1. Gesualdo Bufalino (Comiso, 15.11.1920 – Vittoria, 14.06.1996) e la Diceria.

Nelle intemperie della guerra Gesualdo Bufalino patisce la tisi e sopporta una lunga degenza: dapprima a Scandiano e, successivamente, a Palermo. Nel 1981 viene pubblicata la sua opera prima, Diceria dell’untore. Intervistato da Leonardo Sciascia, il comisano ricorda: il libro «l’ho pensato e abbozzato verso il ’50, l’ho scritto nel ’71. Da allora, una revisione ininterrotta: fino alle bozze di stampa. Mi è venuto dall’esperienza di malato in un sanatorio palermitano: negli anni del dopoguerra, quando la tubercolosi uccideva e segnava ancora come nell’Ottocento» [1].

2. Maschere e piume

Lo scrittore adopera «una lingua archeologica, defunta» [2], in ossequio, peraltro, «a quel pregiudizio mediterraneo (o quantomeno suo e mio), secondo cui l’interiezione e la pletora aggiungono alle parole – e ai climi, alle mimiche, ai cibi – non solo opulenza ma credito, come in un abbigliamento magico, dove maschere e piume, più ridondano, meglio si esaltano e si danno forza a vicenda» [3].
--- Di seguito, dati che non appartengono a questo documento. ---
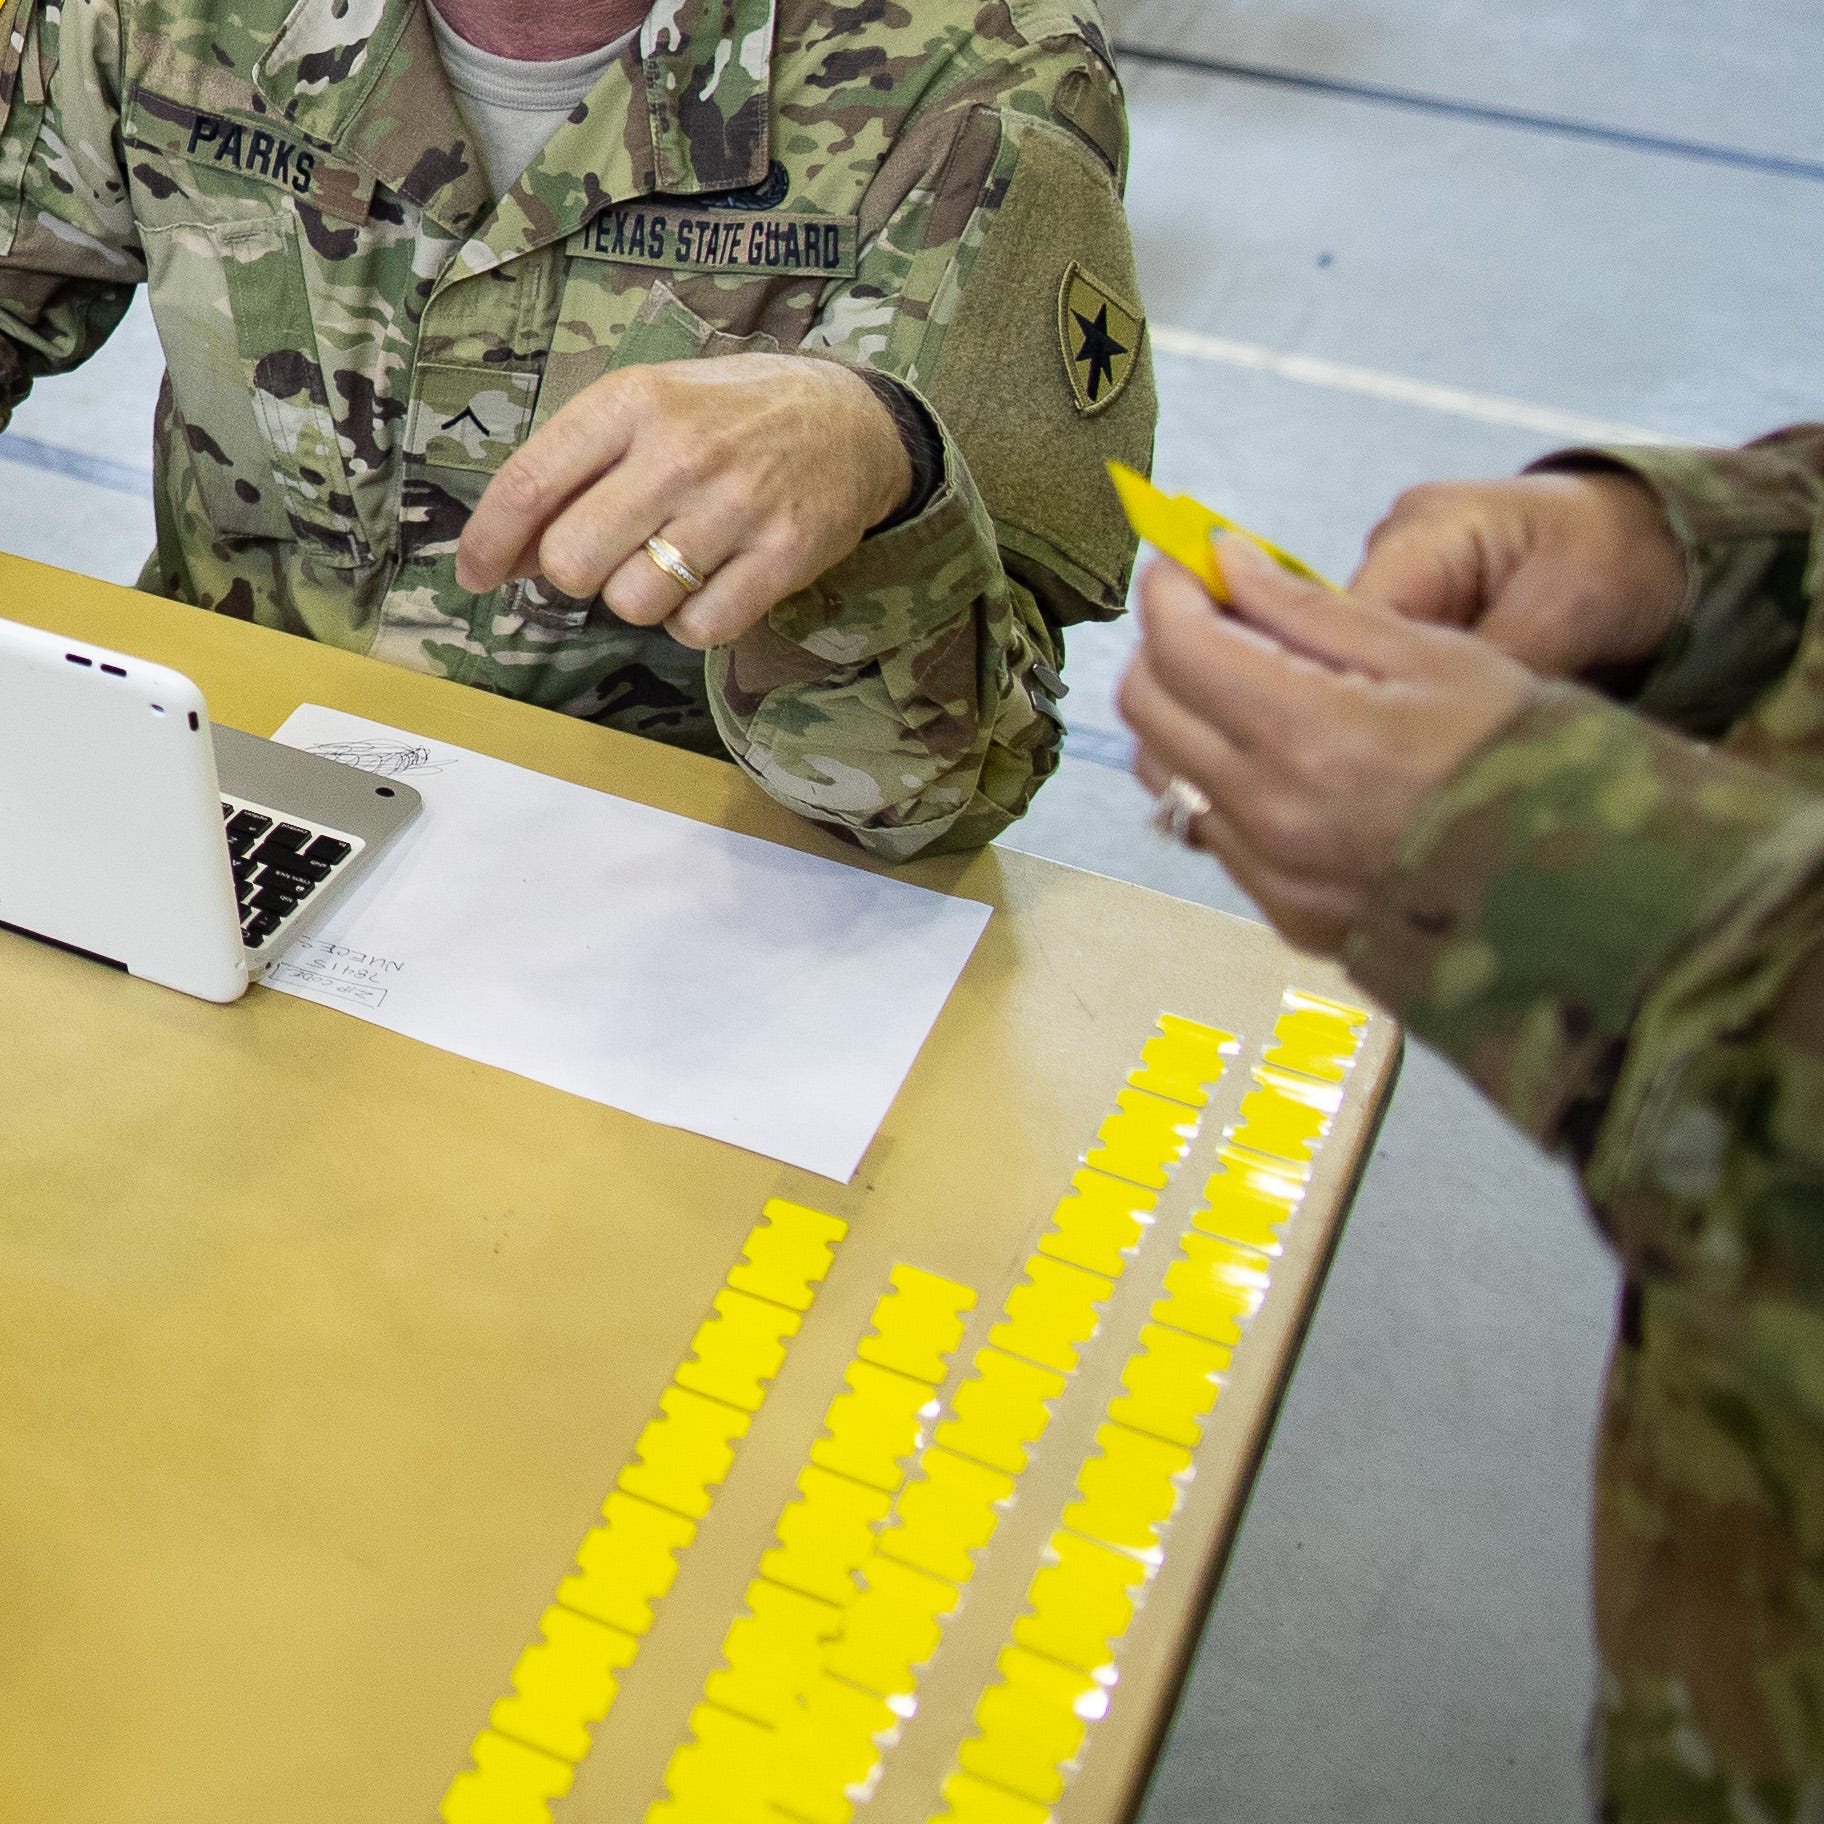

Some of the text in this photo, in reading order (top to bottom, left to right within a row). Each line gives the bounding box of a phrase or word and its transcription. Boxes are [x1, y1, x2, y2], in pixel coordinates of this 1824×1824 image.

[186, 114, 316, 194] PARKS
[581, 207, 841, 269] TEXAS STATE GUARD
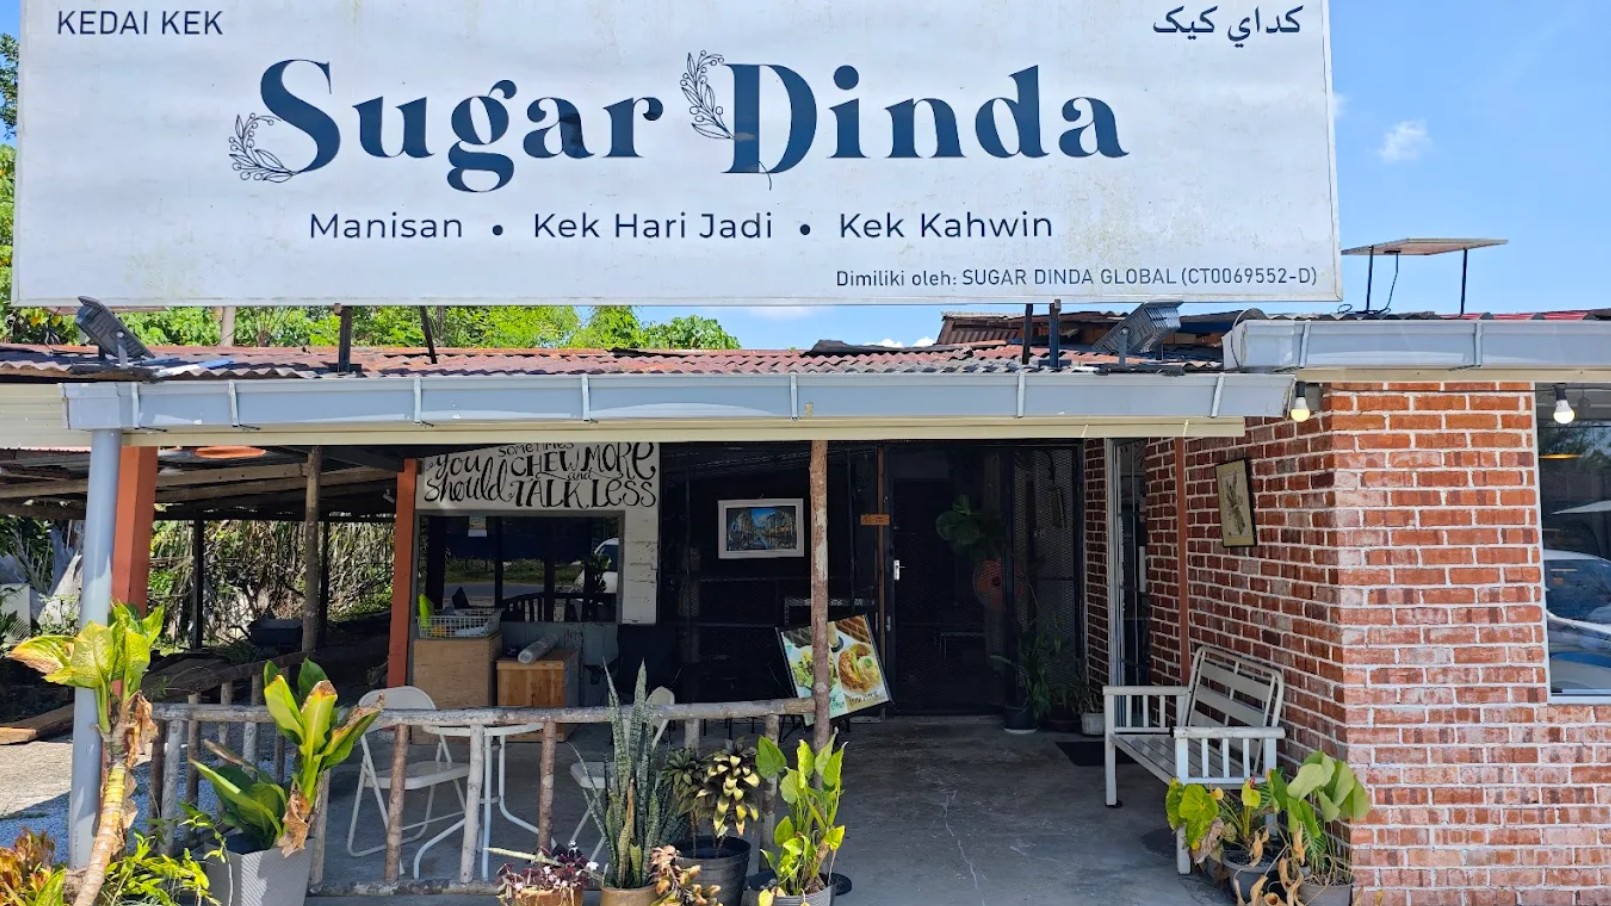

Le pagine trasudano umori mortiferi: sangue, piscio e varechina. Nella tragedia infuria la lancia del Pelide. Lettere che respingono e attraggono, che feriscono e leniscono. «Un esubero di parole, un gusto di cantarsi e compiangersi, di cui io per primo (ve n’accorgerete) non ho saputo guarire» [4].

«L’universo verbale è l’unico di cui veramente mi fido. Nomina sunt consequentia rerum? È vero il contrario, invece, e le cose sono invenzioni e sogni, e le parole epitaffi di sogni» [5]

3. Il castello è in vendita. Le persiane sono staccate

«Sulla Topolino amaranto si va che è un incanto nel ‘46» [6]. Coff, coff. La musica viene interrotta e sopraggiunge la tempesta, preannunciata dal brontolio della tosse: «si sentiva salire alle labbra un irrefrenabile zampillo di rossa schiuma e di morte. Un sangue immenso, seminato di bollicine rotonde» [7].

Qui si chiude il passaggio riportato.